Pemerintah berencana membangun 15 ribu hunian atau rumah bagi masyarakat terdampak bencana Pulau Sumatera. Pembangunan ini dilakukan melalui Danantara Indonesia.
Jumlah 15 ribu hunian ini dibangun di tiga provinsi terdampak. Pembangunan rumah di Aceh akan dibangun 12 ribu unit, Sumatera Utara kurang lebih 2000 unit dan Sumatera Barat 500 unit.
Kepala Badan Pengelola Investasi (BPI) Danantara Rosan Roeslani mengatakan hunian ini dibangun di atas lahan PTPN yang telah melalui proses pembersihan lahan (land clearing). Setiap unitnya memiliki luas sekitar 22 meter persegi, dengan ukuran kurang lebih 4,5 x 4,5 meter sehingga memenuhi standar hunian layak.

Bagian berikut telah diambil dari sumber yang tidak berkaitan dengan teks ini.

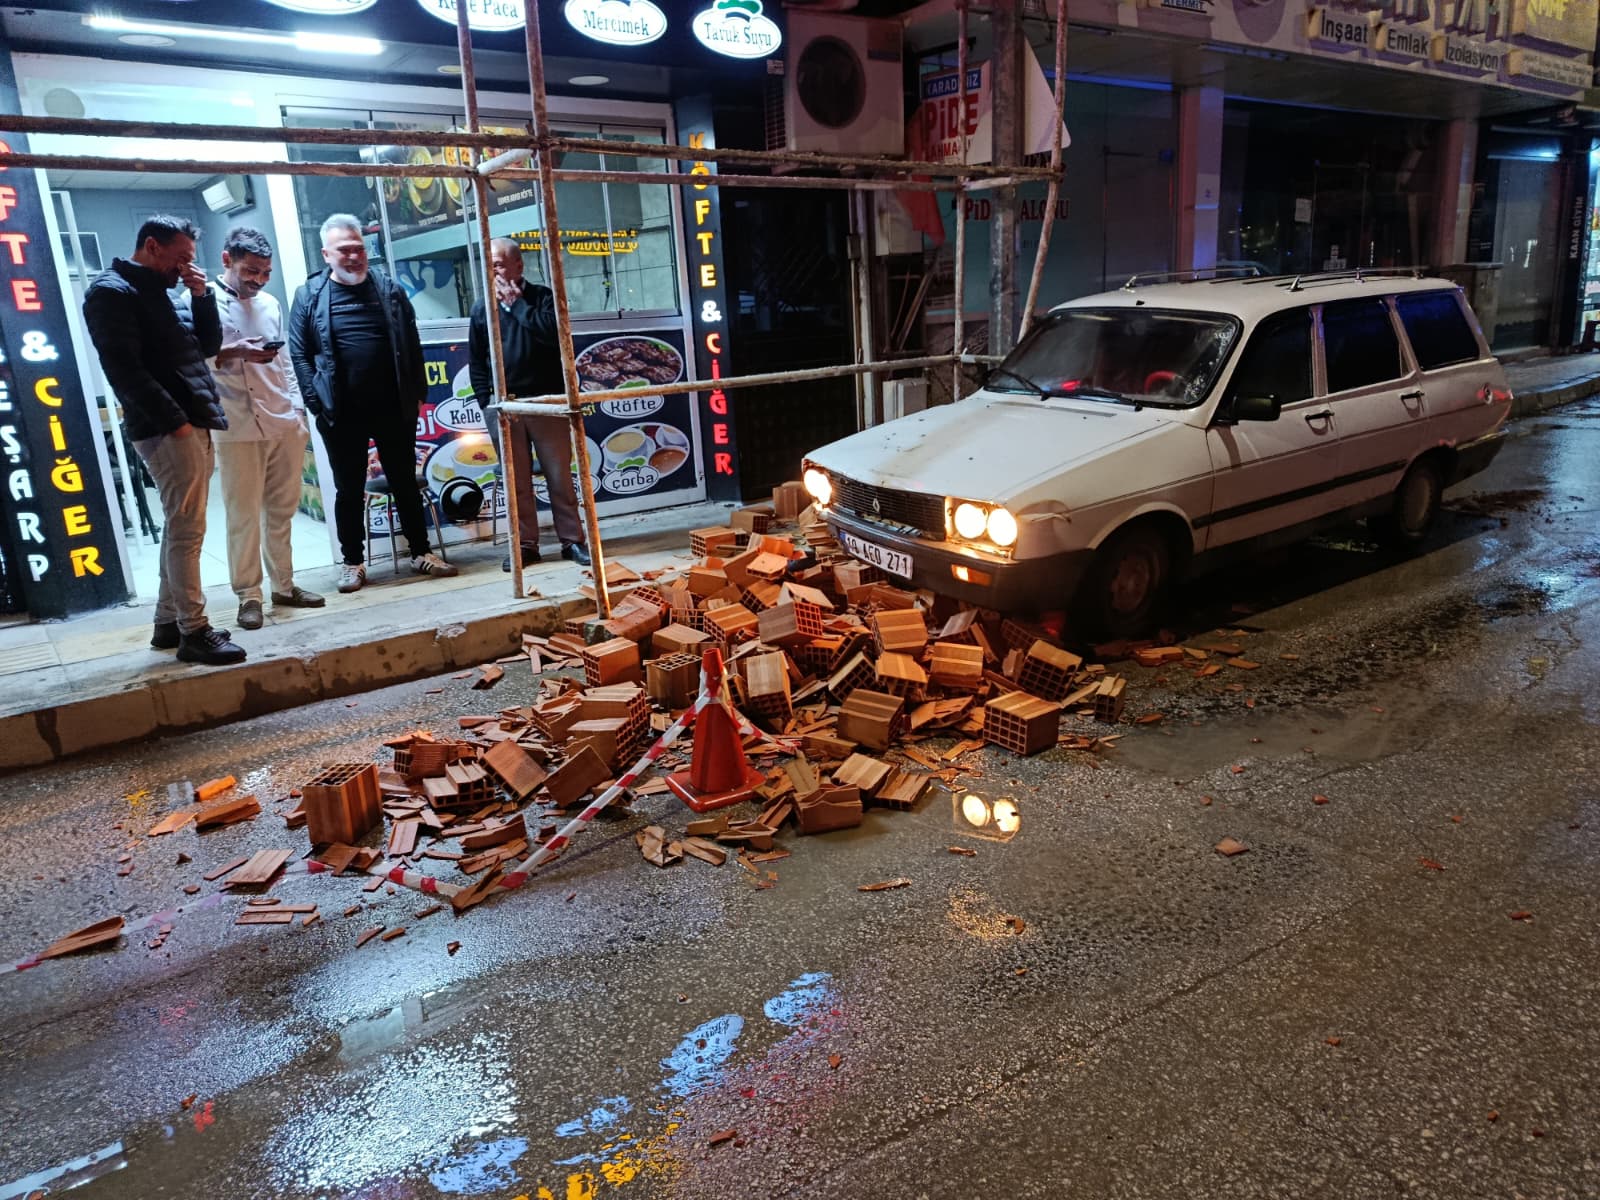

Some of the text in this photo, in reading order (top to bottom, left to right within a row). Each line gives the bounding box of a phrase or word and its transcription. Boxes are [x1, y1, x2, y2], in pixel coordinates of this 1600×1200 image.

Hunian ini dilengkapi dengan fasilitas dasar penunjang. Meliputi tempat tidur, kipas angin, lemari, akses jaringan internet, serta sambungan listrik untuk mendukung kebutuhan sehari-hari warga.

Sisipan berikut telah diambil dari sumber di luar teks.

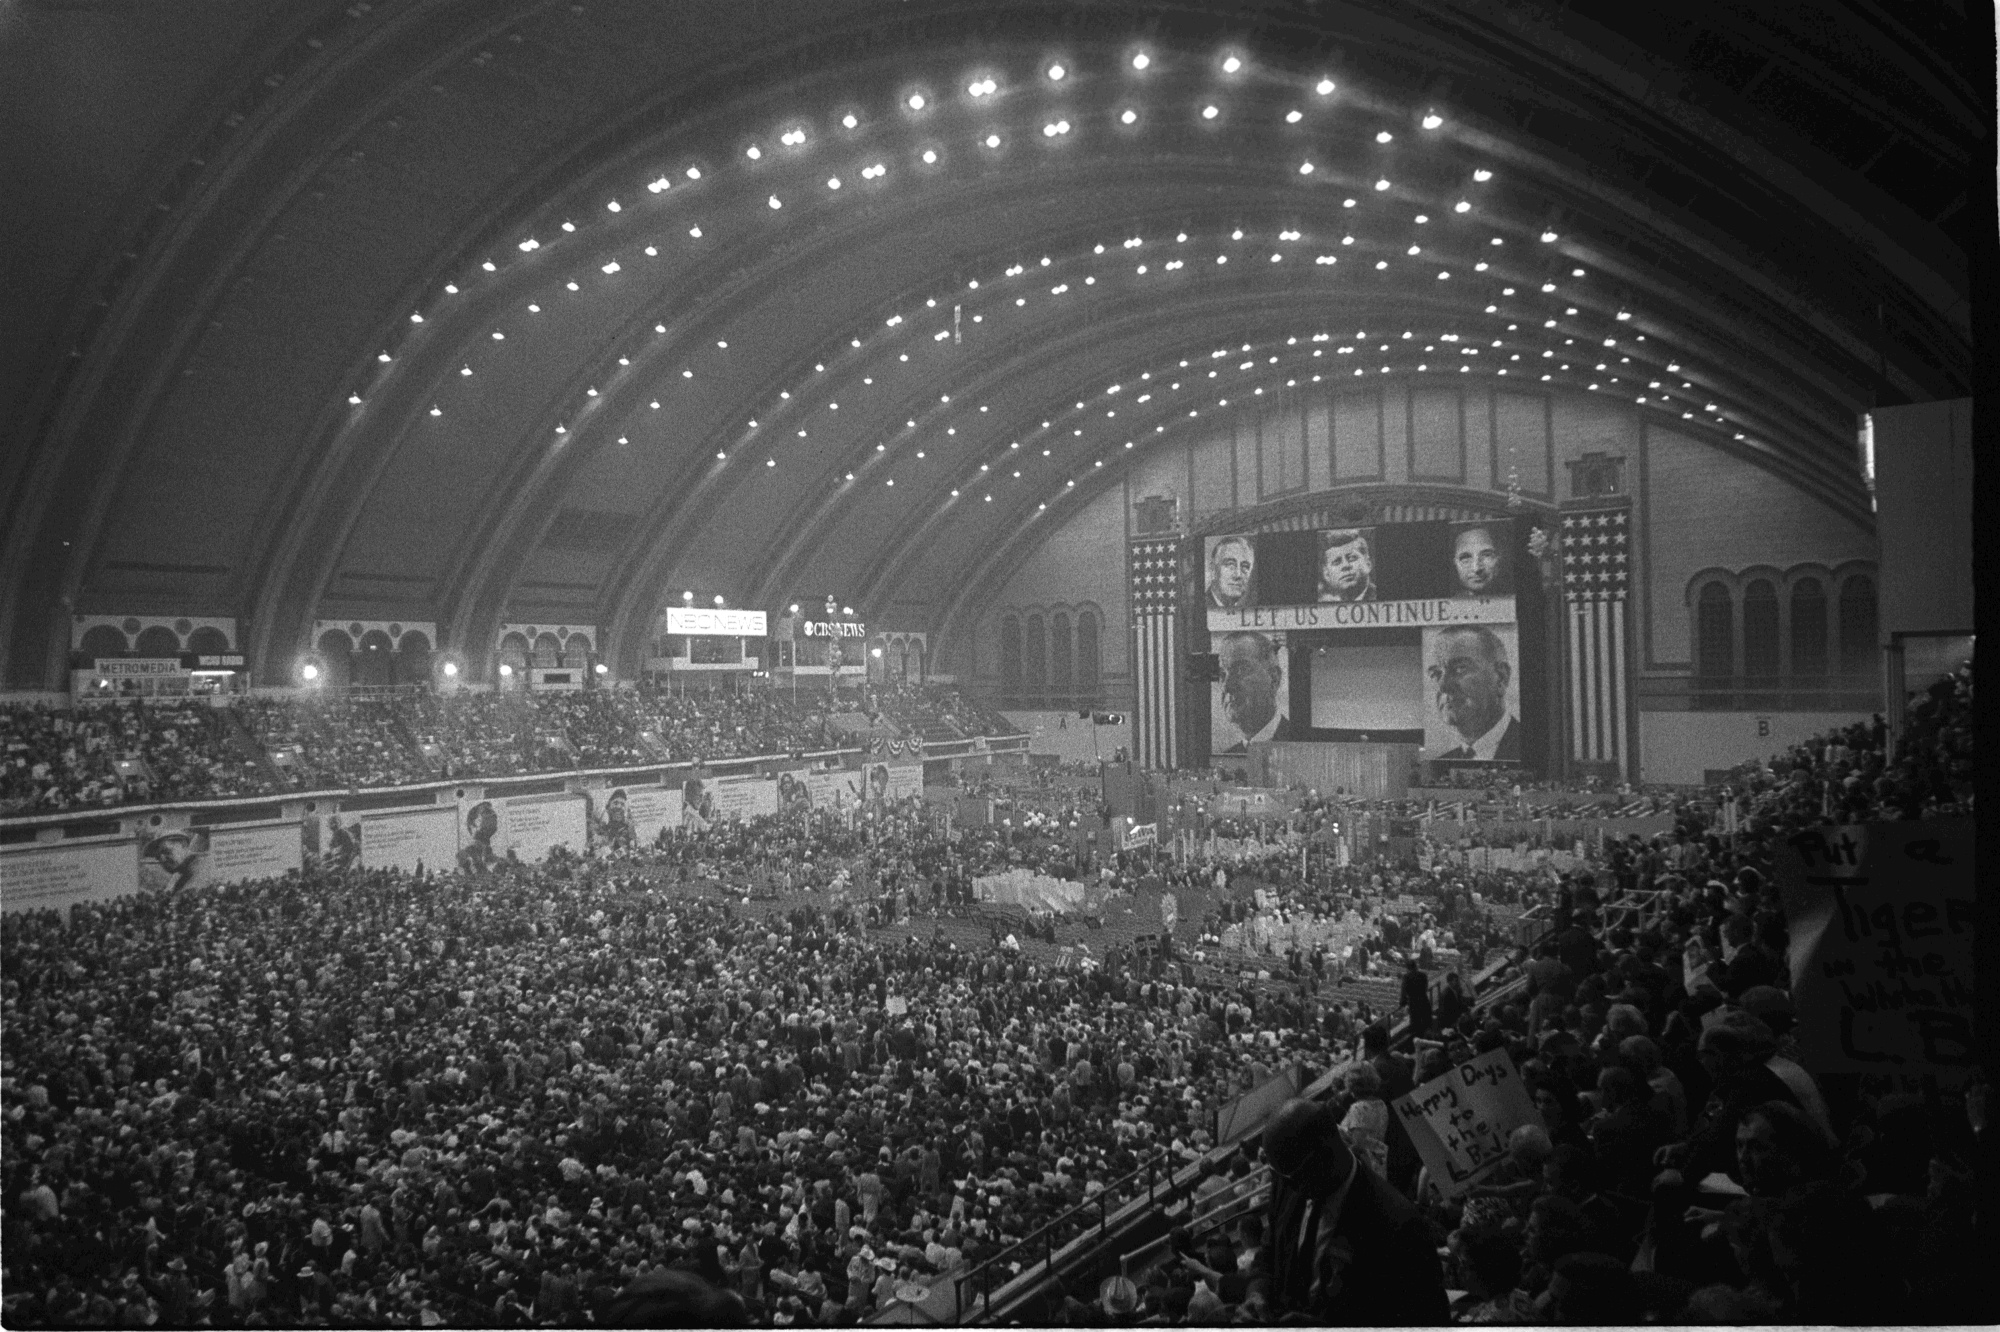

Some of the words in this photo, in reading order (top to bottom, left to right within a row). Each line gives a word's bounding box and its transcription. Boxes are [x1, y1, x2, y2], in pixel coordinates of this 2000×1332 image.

[671, 614, 710, 629] NBC
[715, 614, 764, 631] NEWS
[1295, 607, 1319, 626] US
[100, 662, 176, 675] METROMEDIA
[1758, 720, 1769, 736] B
[1788, 830, 1857, 867] Put
[1400, 1086, 1457, 1120] Happy
[1461, 1064, 1507, 1086] Days
[1449, 1109, 1474, 1126] to
[1448, 1121, 1490, 1151] the

Kawasan rumah Danantara juga dilengkapi dengan ruang komunal yang dapat digunakan bersama oleh para penghuni. Mulai dari dapur bersama, toilet, taman bermain anak, serta mushola sebagai sarana ibadah dan interaksi sosial masyarakat.
Pemerintah menargetkan 15 ribu hunian ini bisa terbangun dalam tiga bulan. Pada tahap awal, jumlah hunian yang dibangun sebanyak 600 unit. Lokasinya terletak di Kampung Simpang 4, Kecamatan Karang Baru, Aceh Tamiang. Pembangunan rumah hunian Danantara di Aceh Tamiang sudah dimulai sejak 24 Desember 2025.
Pemerintah berencana menyerahkan 600 unit rumah ini pekan depan. "Rumah Hunian Danantara ini akan kita serah terimakan pada tanggal 8 Januari sebanyak 600 unit kepada pemerintah daerah," ujar Rosan dikutip dari Antara, Jumat (2/1).
Selain rumah, pemerintah juga akan menyerahkan taman bermain, jaringan wifi, dapur umum sebanyak 14 unit, serta toilet dan kamar mandi 120 unit.
Berdasarkan keterangan Kementerian Sekretariat Negara, rumah ini dirancang sebagai tempat tinggal sementara yang aman bagi para warga terdampak selama proses rehabilitasi dan rekonstruksi berlangsung. Program ini diharapkan dapat mempercepat pemulihan sosial dan ekonomi masyarakat di kawasan terdampak.
Pemerintah memprioritaskan ketersediaan hunian yang layak agar masyarakat dapat kembali menjalani aktivitas sehari-hari.
Pembangunan rumah hunian Danantara tahap pertama ini merupakan hasil kolaborasi tujuh Badan Usaha Milik Negara (BUMN).